What to do
The required result is an exact copy of the lines beginning at the line that contains "Some of the text" and ending at the last line of the material below.

Recorded data
---+---

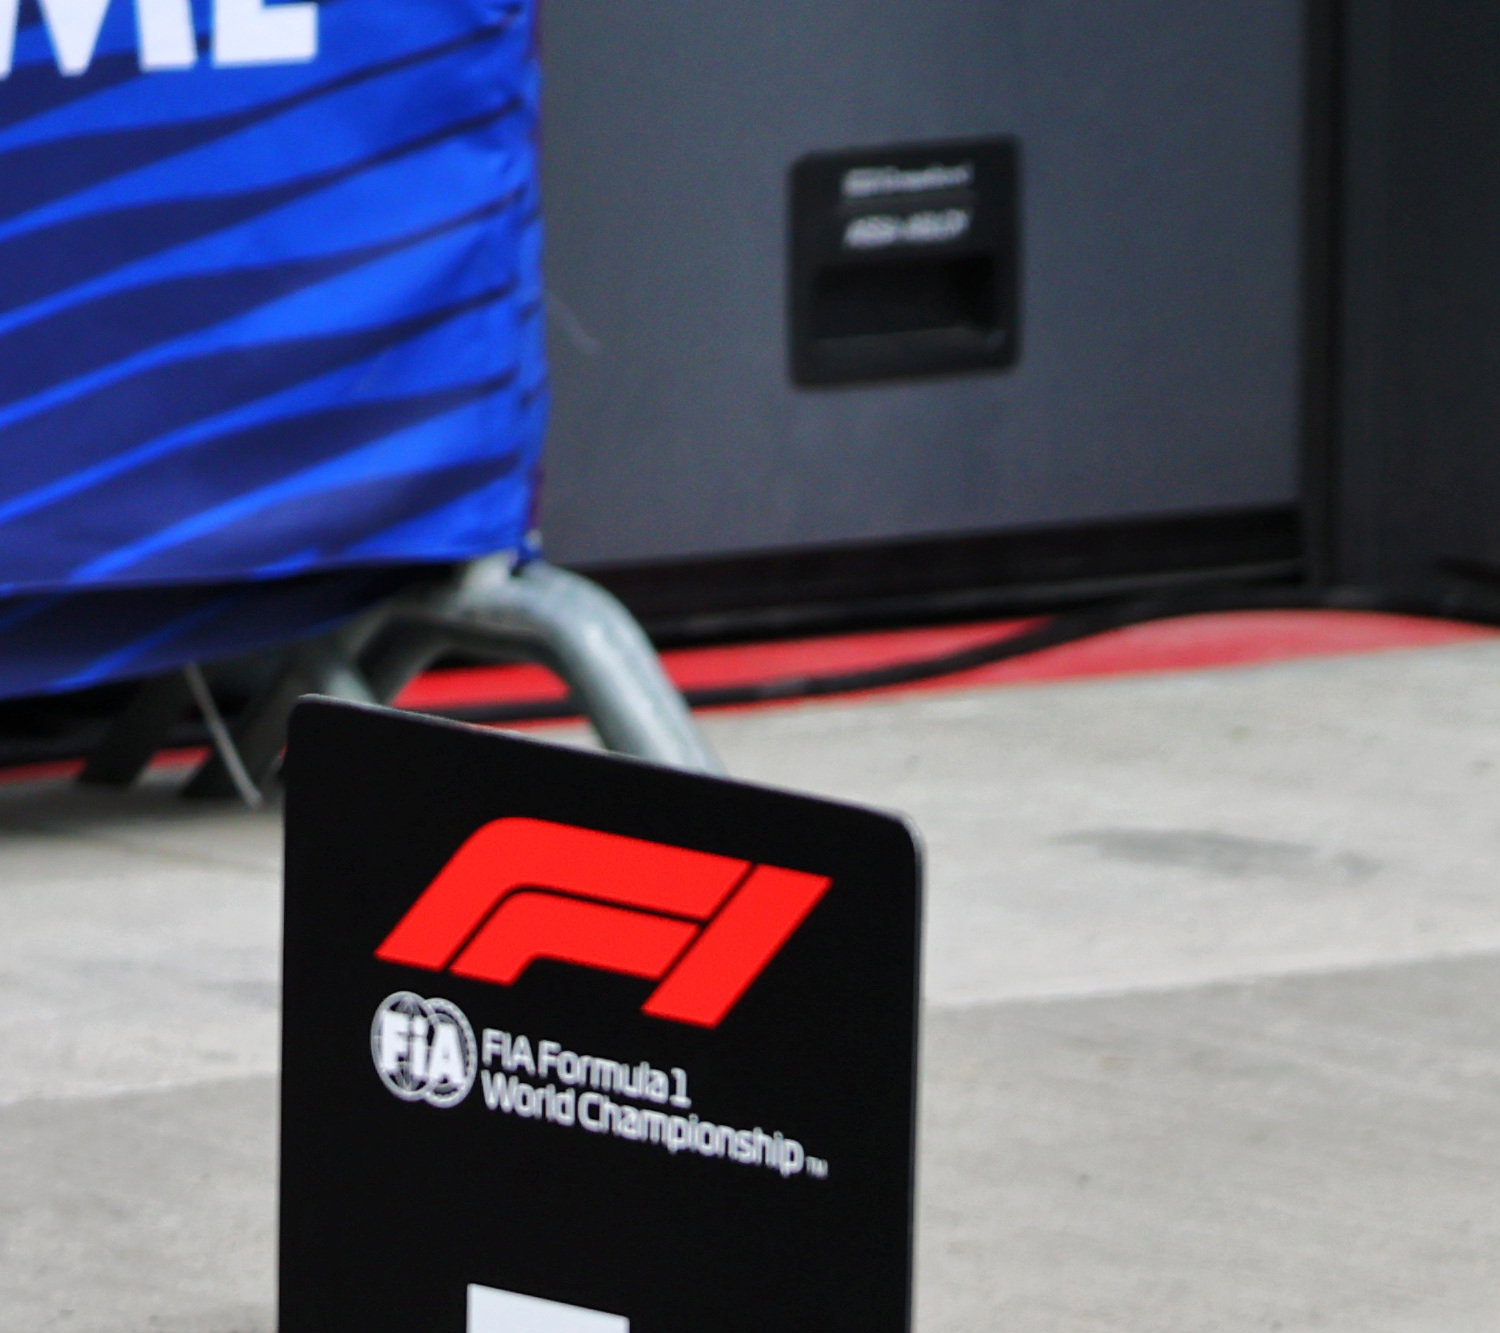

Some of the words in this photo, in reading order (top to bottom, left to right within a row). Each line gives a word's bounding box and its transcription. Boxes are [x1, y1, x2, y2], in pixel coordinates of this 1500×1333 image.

[480, 1069, 575, 1127] World
[481, 1027, 535, 1075] FIA
[538, 1039, 670, 1101] Formula
[671, 1066, 693, 1109] 1
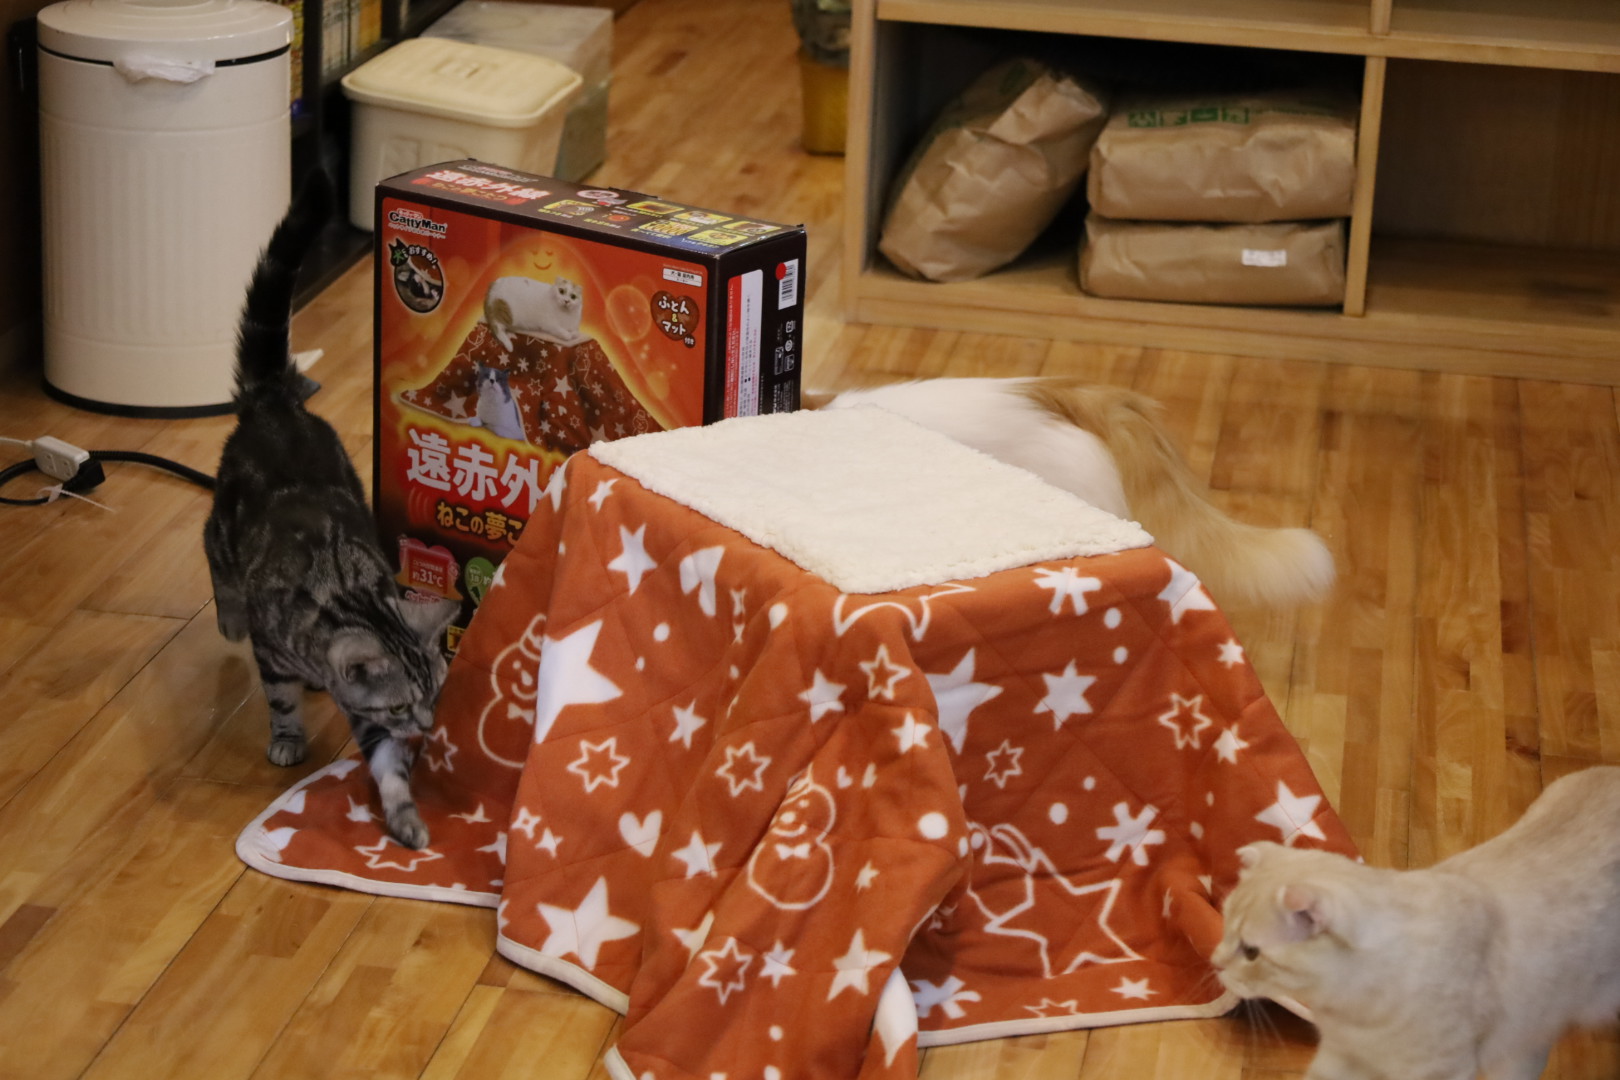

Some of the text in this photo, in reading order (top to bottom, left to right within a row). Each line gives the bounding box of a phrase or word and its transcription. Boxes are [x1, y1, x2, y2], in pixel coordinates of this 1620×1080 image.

[388, 211, 446, 233] CattyMan
[658, 295, 690, 315] ふとん
[671, 312, 678, 323] &
[662, 320, 687, 336] マット

---+---

Worked solution
Some of the text in this photo, in reading order (top to bottom, left to right within a row). Each line gives the bounding box of a phrase or word and its transcription. Boxes are [x1, y1, x2, y2], in pixel coordinates of this 1620×1080 image.

[388, 211, 446, 233] CattyMan
[658, 295, 690, 315] ふとん
[671, 312, 678, 323] &
[662, 320, 687, 336] マット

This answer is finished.